I went to alternate.de and used their PC configurator to slap a few things together. Most likely I will not order through them though, but let my local shop build it for me (or build it myself, but I haven’t done that in a few years and the local guy offers it for free when you order an expensive PC. I have always been happy with him so far).

Here is version 001:


  • CPU: AMD Ryzen™ 9 7900X3D (544€)
  • Mainboard: ASRock B650E STEEL LEGEND WIFI (230€)
  • Cooler: be quiet! Dark Rock Pro 5 (76€)
  • RAM: Corsair DIMM 64 GB DDR5-6000 (2x 32 GB) Dual-Kit (264€)
  • GPU: SAPPHIRE Radeon RX 7900 XT PULSE 20GB (719€)
  • SSD: SAMSUNG 980 PRO 2 TB (176€)
  • Power: be quiet! Pure Power 12M 850W (117€)

For the case and its fans I estimate around 200€ combined.
I am not into the whole RGB thing and I have never had a problem with cheap cases or fans.
So these are placeholders:

  • Case: be quiet! PURE BASE 500 (78€)
  • Fans: Corsair iCUE LINK RX120 RGB Triple (115€)

Remarks:

  • I will keep my current monitor setup for now, which are two screens (1920x1080 and an old 1280x1024) but I am probably going to replace the 1080p screen with a higher res one (thinking of 2560x1440) and I won’t be able to connect the small one to that graphics card anyway so I’ll probably replace it first or use an adapter). So as silly as it sounds nowadays, the target resolution will be 1080p for now.
  • The above configuration is 180€ shy of my 2500€ target (so just enough for that pesky Win11 license), so this will already be the most expensive PC I ever built, I think. I am having second thoughts and might wait for the new generation of stuff to drop in early 2025, but I have no clue what is in the pipeline.
  • I am not planning on overclocking anything. I did so back in the day but it usually requires too much effort and/or way more expensive boards, power supplies, CPUs or GPUs and coolers, and causes heat issues, instability, and or costs too much time to optimize. And I don’t particularly enjoy it.

I did a bit of research on the CPU, Mainboard, and GPU already, below are some reasons for my picks:

  • CPU: I am aware that the 100€ cheaper 7800X3D almost as good. I just… picked the newer one I guess? Hoping that more possible optimizations will be done for this one.

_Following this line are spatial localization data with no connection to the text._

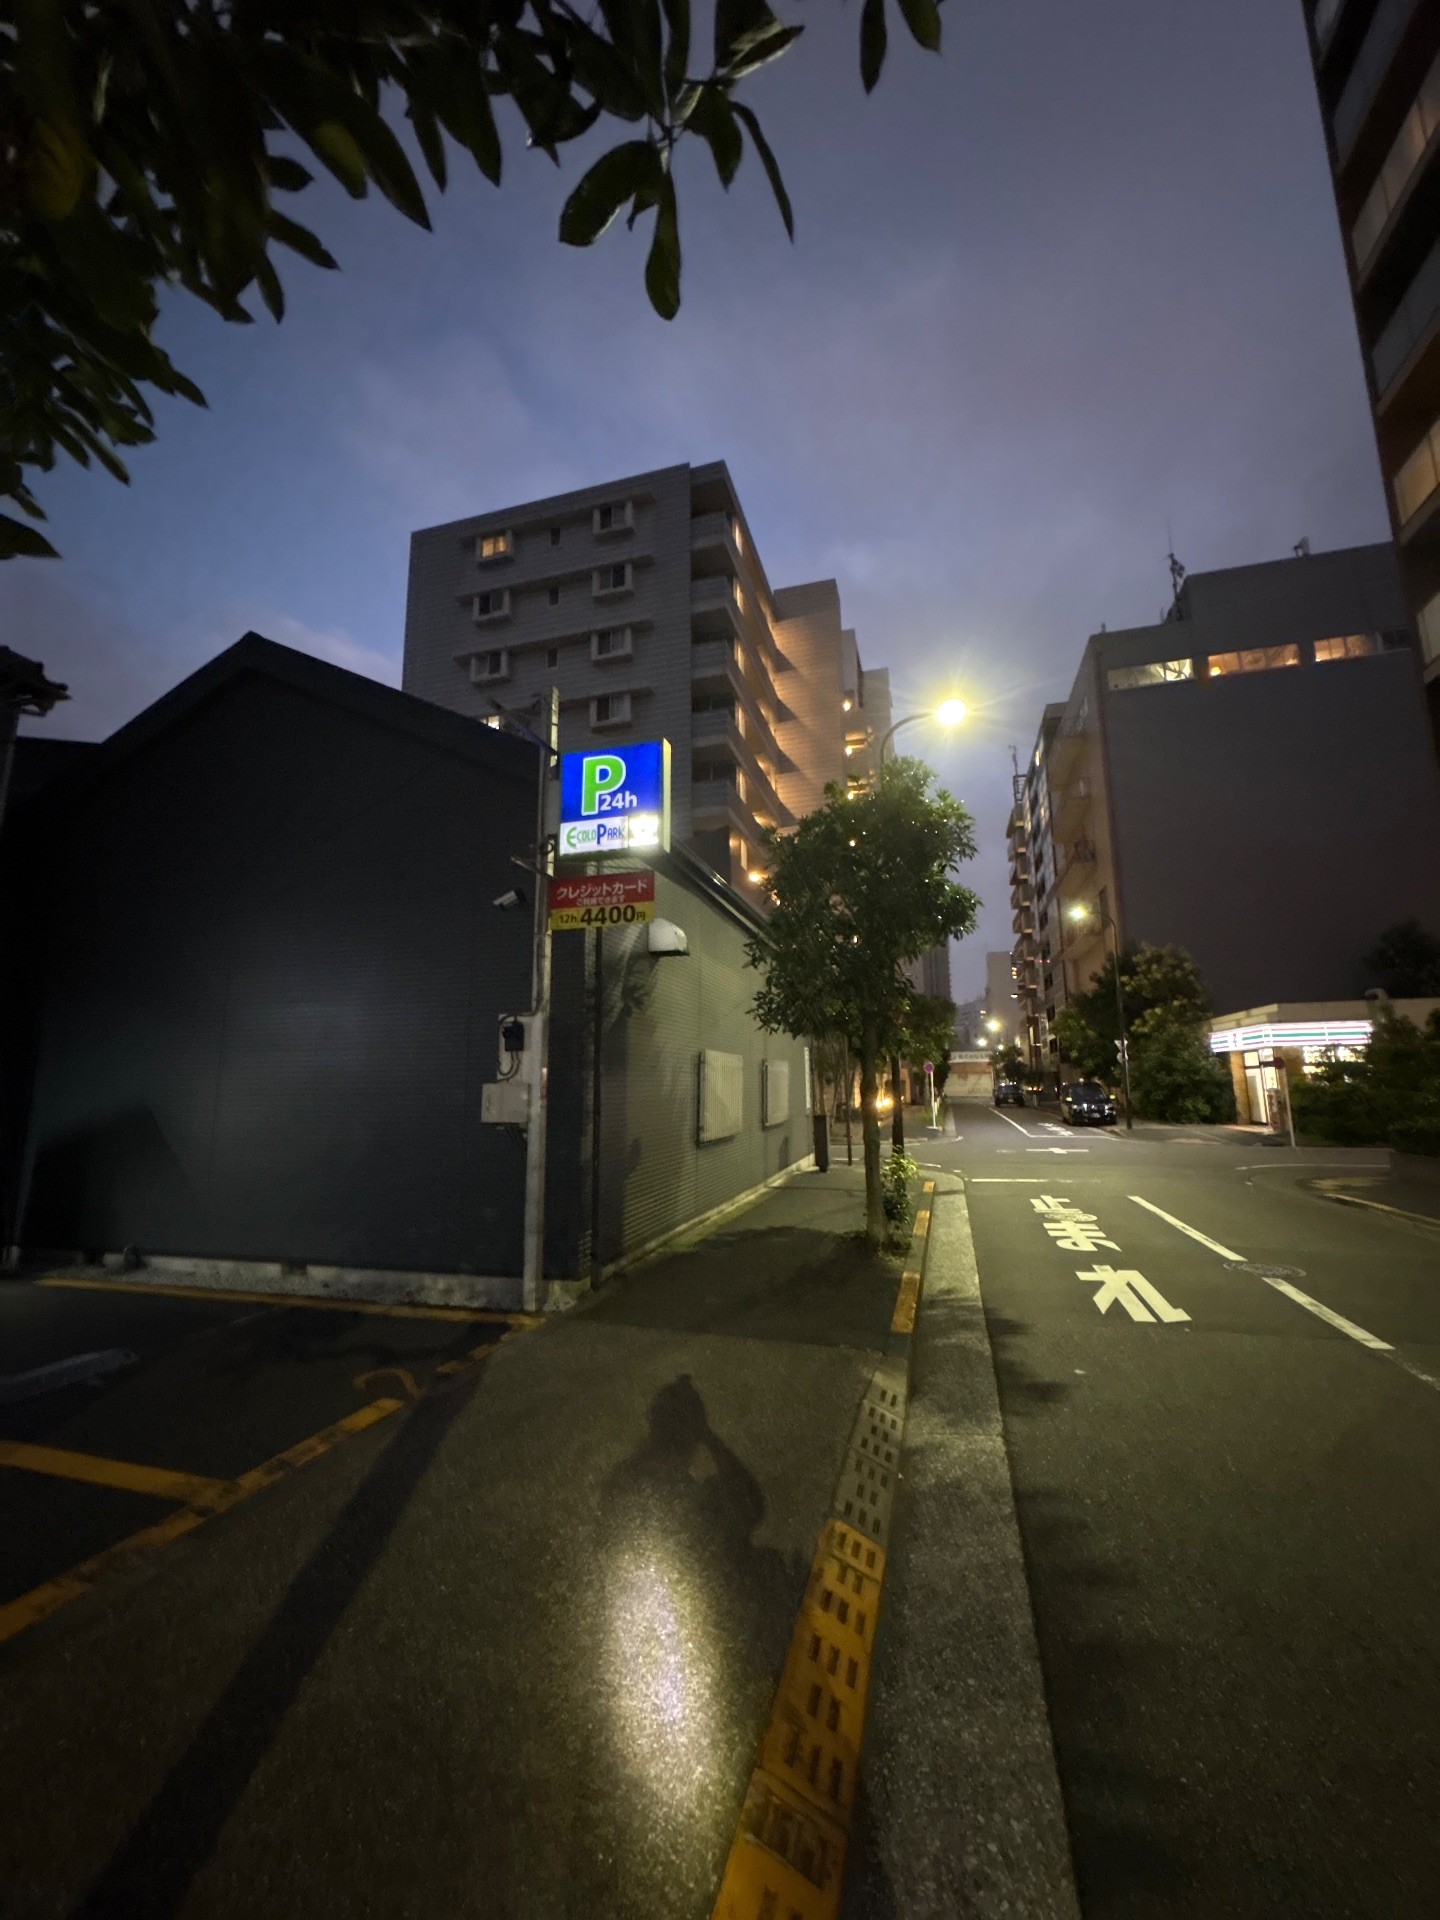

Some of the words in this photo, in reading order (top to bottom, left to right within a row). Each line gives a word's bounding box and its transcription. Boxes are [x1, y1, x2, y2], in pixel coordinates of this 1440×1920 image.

[581, 755, 627, 817] P
[599, 792, 638, 811] 24h
[556, 879, 648, 900] クレジットカード
[559, 913, 577, 924] 12h
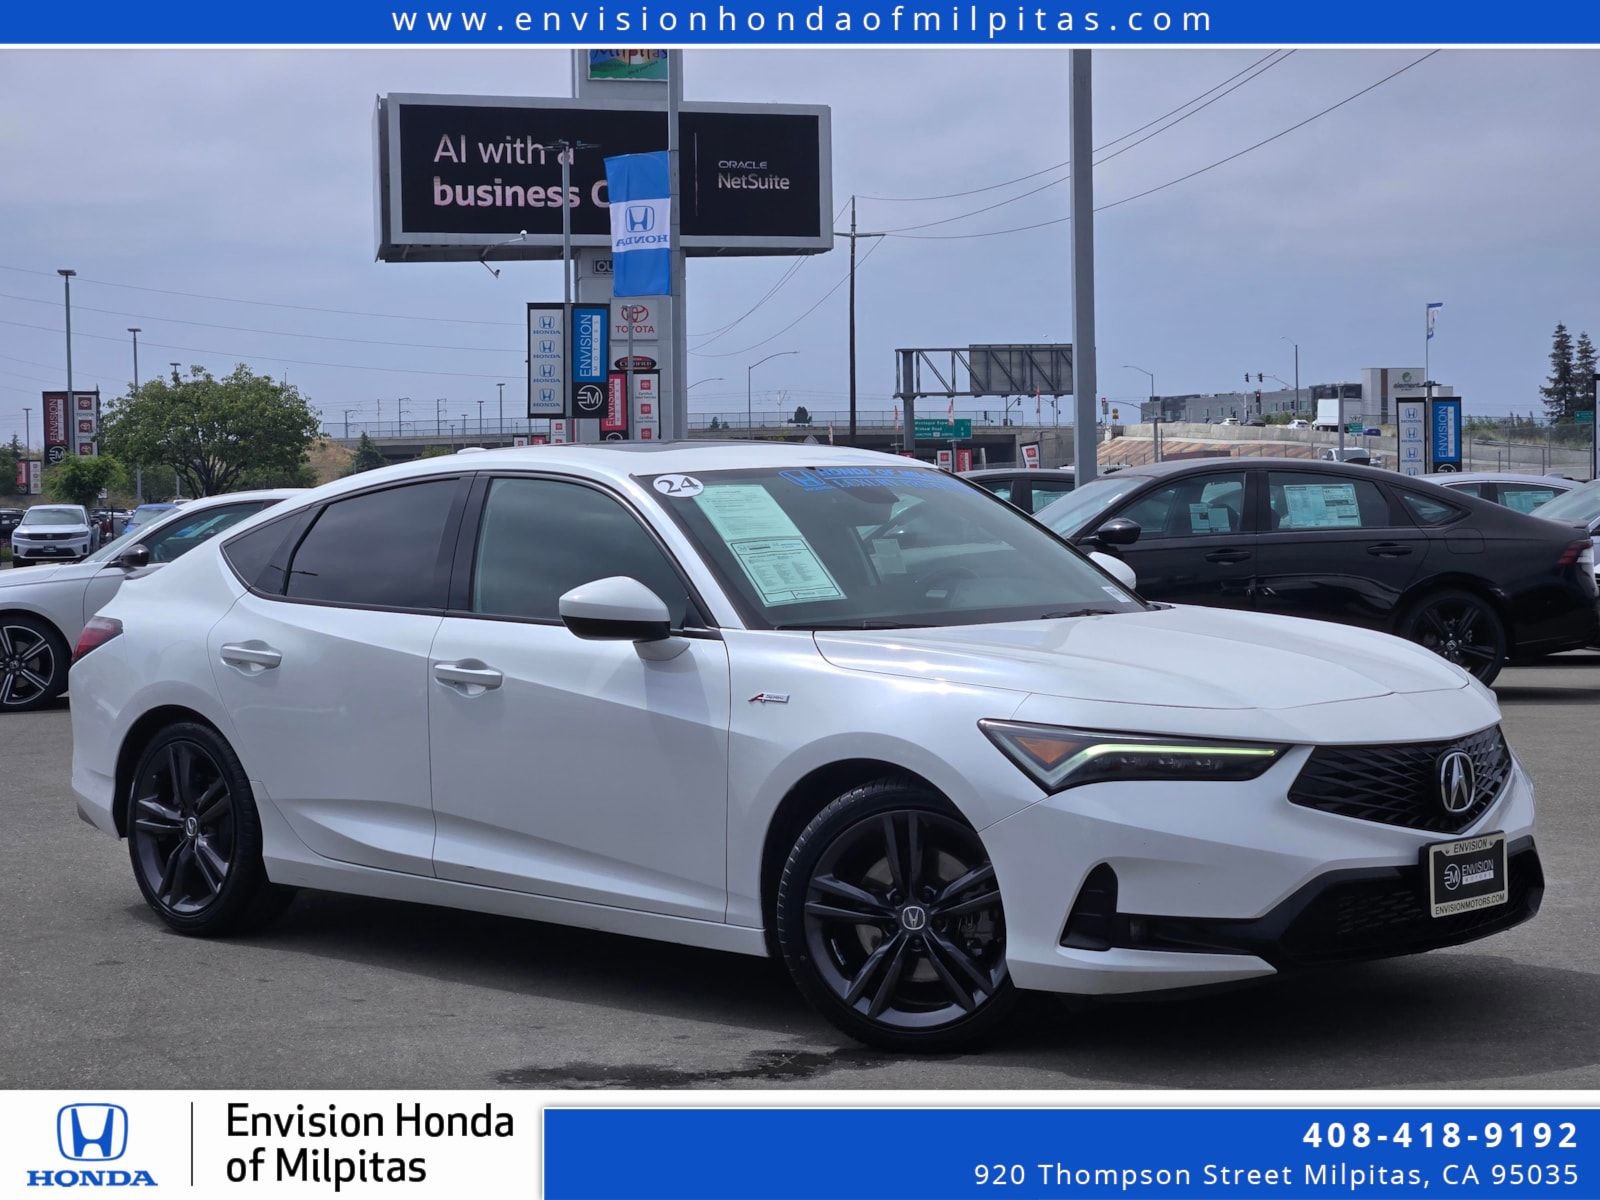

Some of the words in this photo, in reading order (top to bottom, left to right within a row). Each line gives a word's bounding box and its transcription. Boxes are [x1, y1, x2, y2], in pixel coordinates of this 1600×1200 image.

[434, 134, 466, 163] AI
[478, 135, 546, 165] with
[718, 160, 767, 169] ORACLE
[433, 176, 581, 208] business
[718, 173, 790, 190] NetSuite
[580, 314, 591, 376] ENVISION
[49, 398, 58, 441] ENVISION
[1438, 406, 1448, 457] ENVISION
[657, 476, 700, 494] 24
[1454, 839, 1487, 853] ENVISION
[1462, 859, 1494, 876] ENVISION
[1435, 892, 1504, 915] ENVISIONMOTORS.COM
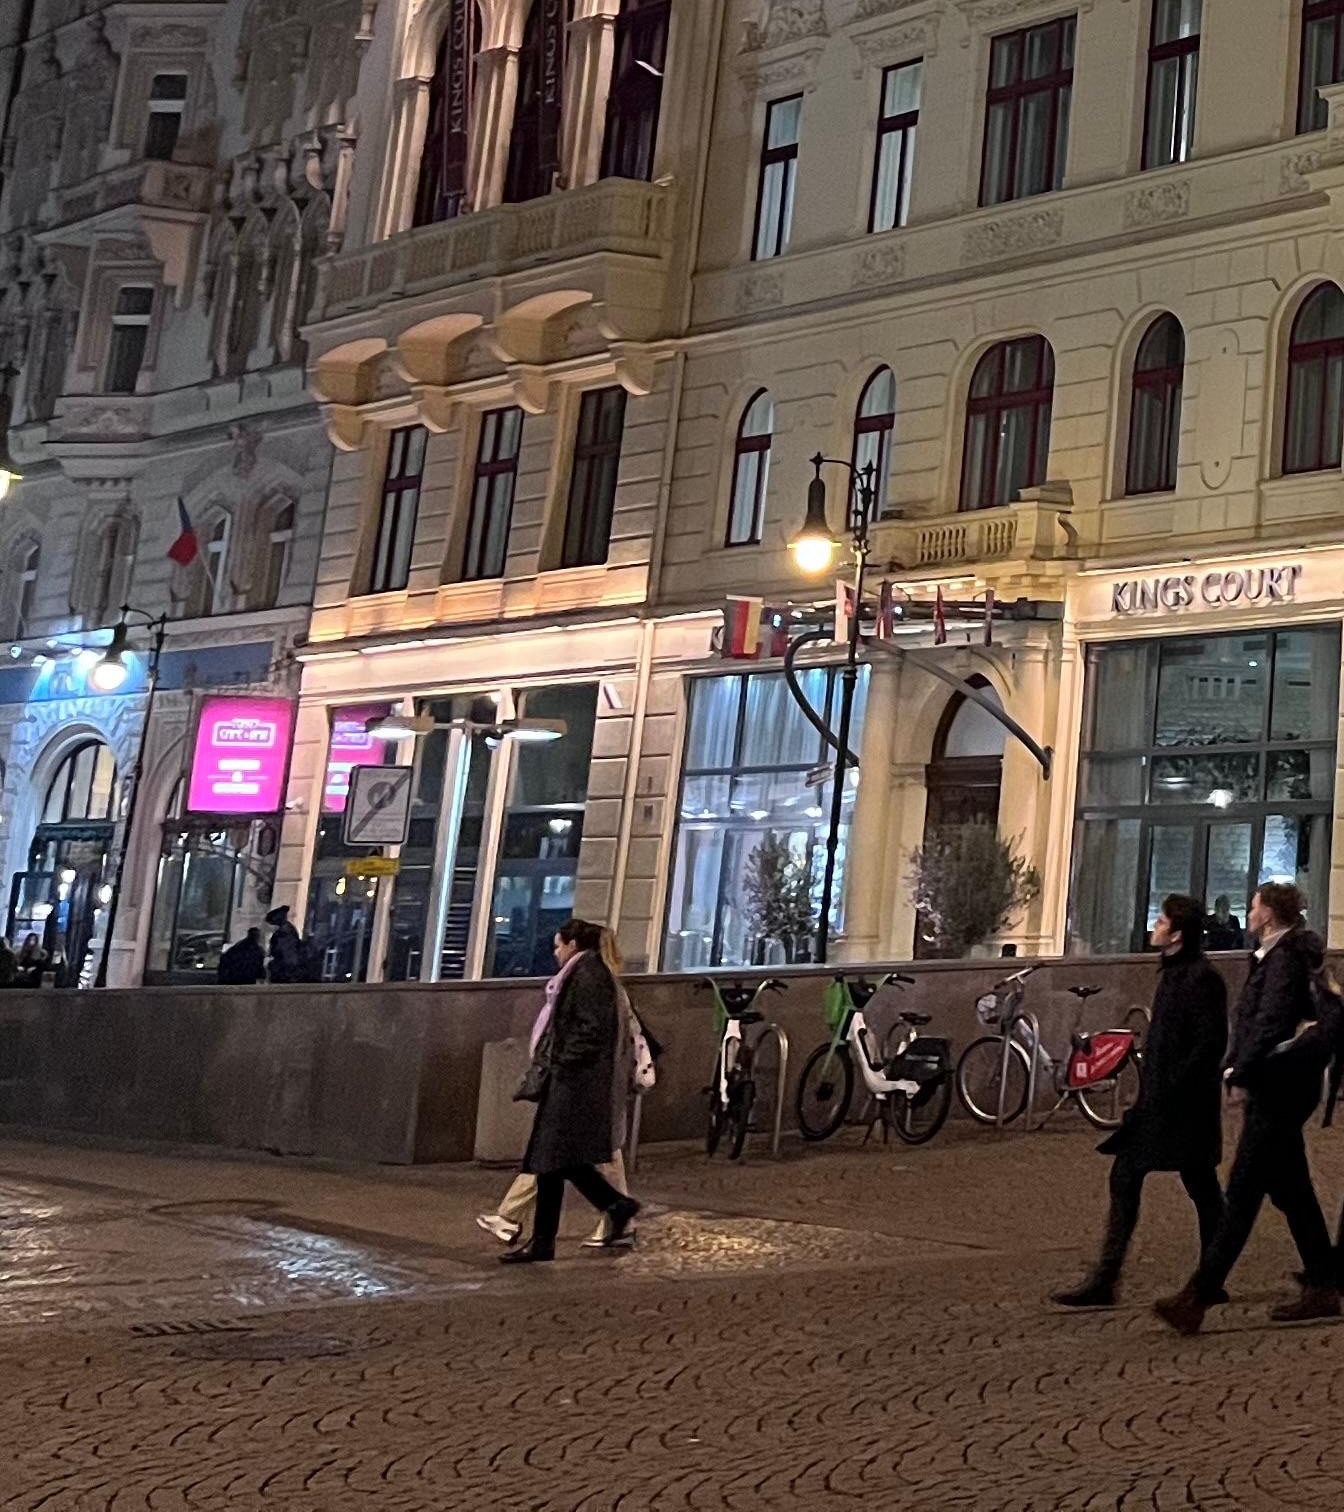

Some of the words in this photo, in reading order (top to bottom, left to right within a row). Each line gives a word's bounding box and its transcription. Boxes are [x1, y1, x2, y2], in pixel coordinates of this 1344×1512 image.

[451, 57, 465, 134] KINGS
[1111, 574, 1195, 613] KINGS
[1201, 564, 1304, 605] COURT

It looks good in benchmarks. (Windows and Linux).

  • GPU: I have no clue which manufacturers are good right now, I literally picked the first graphics card that had this chipset. The AMD drivers for Linux are solid and the gaming performance seems to be only surpassed by the really expensive (1000€+) cards.

  • Mainboard: That is a relatively cheap mainboard that is often recommended. There are very few mainboards that are not recommended for that processor, among them one of the Asus ones. Again: I have no clue which manufacturers are known for great or bad quality right now.

  • Cooler: I read that a rather cheap one will do, as this CPU doesn’t run particularly hot.


So yeah, I’d greatly appreciate any input from y’all.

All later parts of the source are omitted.